→ About this task:
Write out all the entries word for word, but skip any images.

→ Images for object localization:

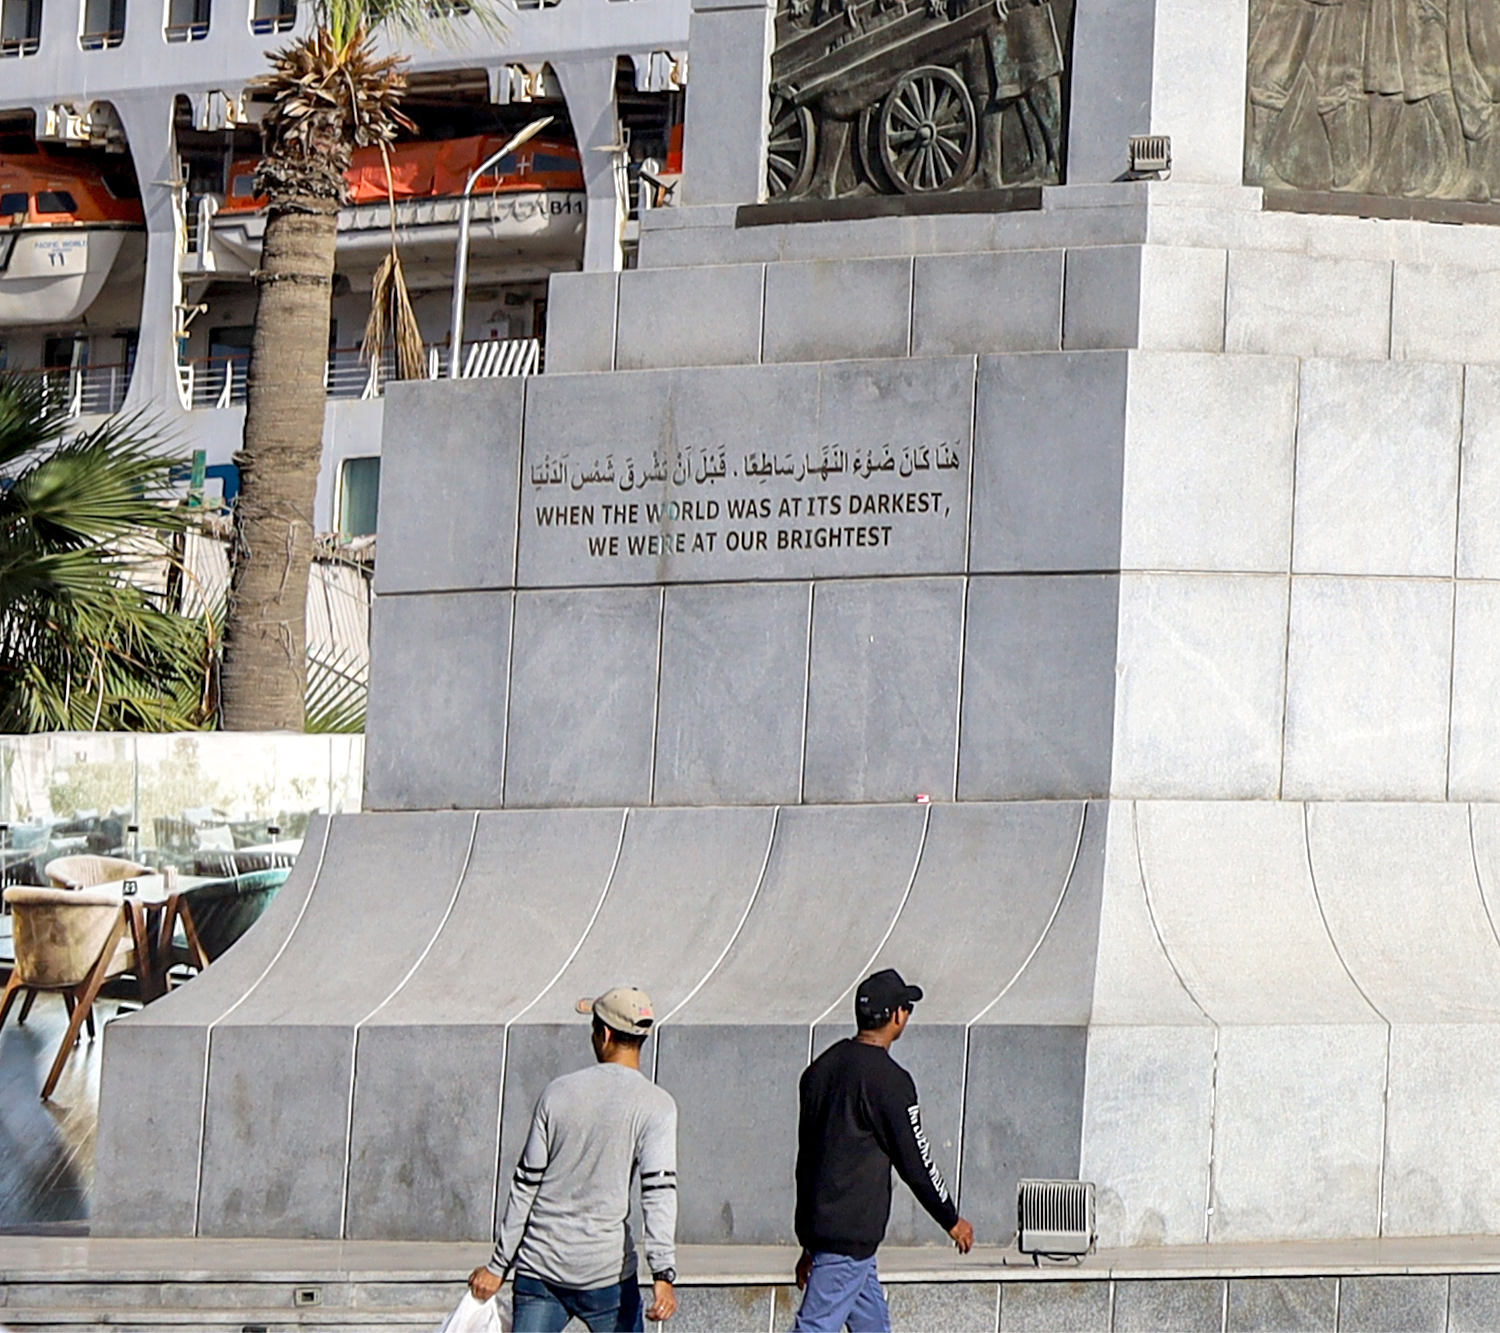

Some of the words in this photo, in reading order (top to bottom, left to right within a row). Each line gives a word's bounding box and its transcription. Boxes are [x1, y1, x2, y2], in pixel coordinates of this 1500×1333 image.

[536, 505, 595, 526] WHEN
[602, 503, 639, 525] THE
[646, 500, 720, 524] WORLD
[727, 498, 771, 520] WAS
[778, 497, 802, 517] AT
[807, 495, 842, 517] ITS
[849, 492, 951, 518] DARKEST,
[588, 536, 619, 557] WE
[627, 533, 686, 556] WERE
[691, 532, 717, 553] AT
[726, 530, 767, 552] OUR
[777, 526, 893, 550] BRIGHTEST
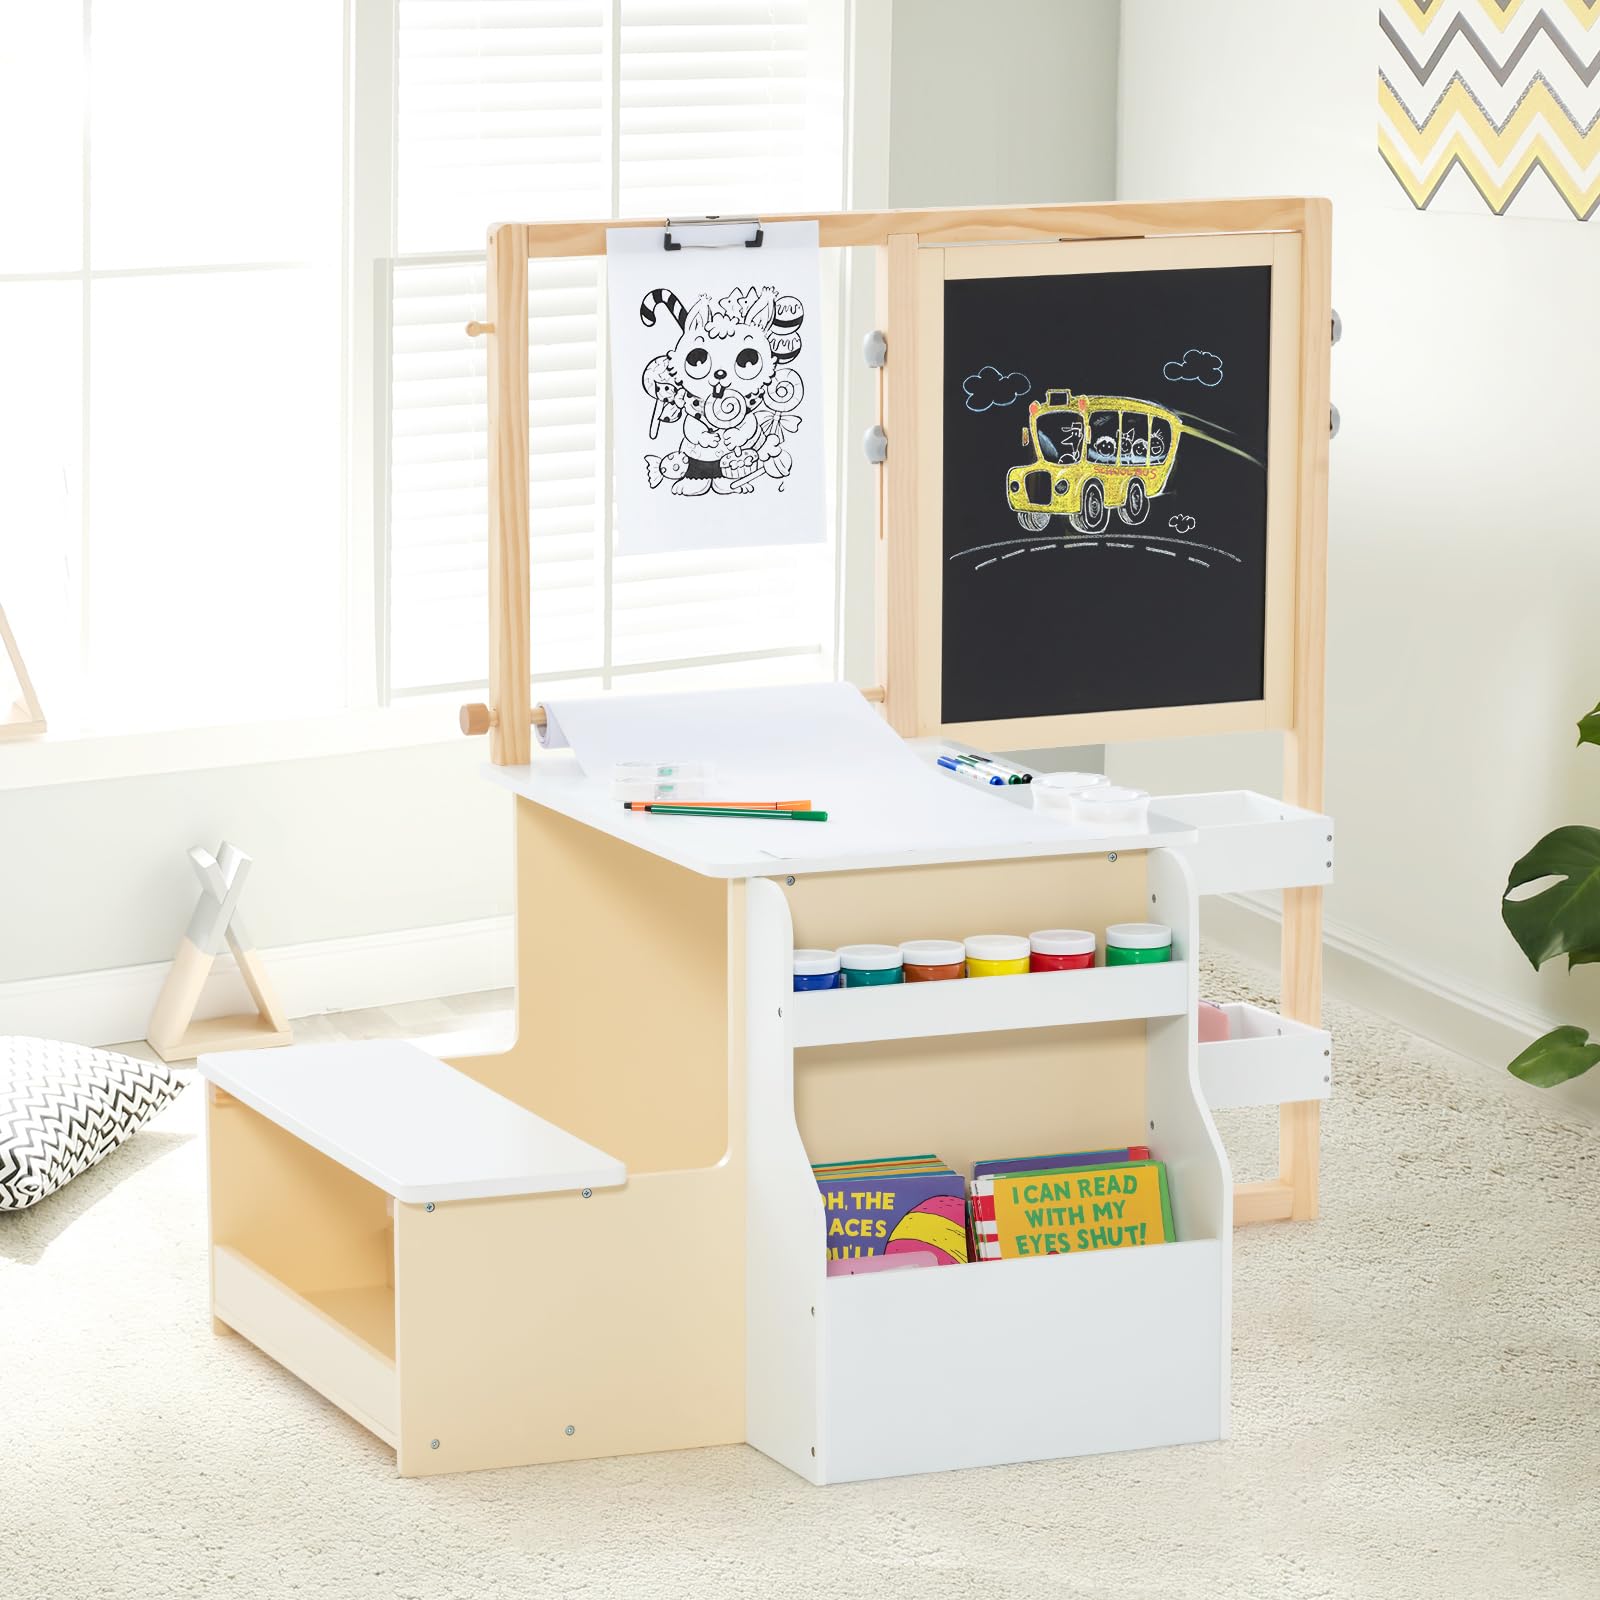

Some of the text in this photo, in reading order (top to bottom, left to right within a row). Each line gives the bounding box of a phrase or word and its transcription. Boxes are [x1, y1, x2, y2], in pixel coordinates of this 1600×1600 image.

[851, 1191, 895, 1210] THE
[1012, 1174, 1138, 1205] I CAN READ
[828, 1218, 887, 1238] ACES
[1024, 1200, 1126, 1228] WITH MY
[1015, 1222, 1147, 1255] EYES SHUT!

→ Your solution:
Some of the words in this photo, in reading order (top to bottom, left to right within a row). Each line gives a word's bounding box and its transcription. Boxes are [x1, y1, x2, y2], in pixel coordinates of this 1500×1333 image.

[536, 505, 595, 526] WHEN
[602, 503, 639, 525] THE
[646, 500, 720, 524] WORLD
[727, 498, 771, 520] WAS
[778, 497, 802, 517] AT
[807, 495, 842, 517] ITS
[849, 492, 951, 518] DARKEST,
[588, 536, 619, 557] WE
[627, 533, 686, 556] WERE
[691, 532, 717, 553] AT
[726, 530, 767, 552] OUR
[777, 526, 893, 550] BRIGHTEST

Some of the text in this photo, in reading order (top to bottom, left to right within a row). Each line gives the bounding box of a phrase or word and its transcription. Boxes are [x1, y1, x2, y2], in pixel coordinates of this 1600×1600 image.

[851, 1191, 895, 1210] THE
[1012, 1174, 1138, 1205] I CAN READ
[828, 1218, 887, 1238] ACES
[1024, 1200, 1126, 1228] WITH MY
[1015, 1222, 1147, 1255] EYES SHUT!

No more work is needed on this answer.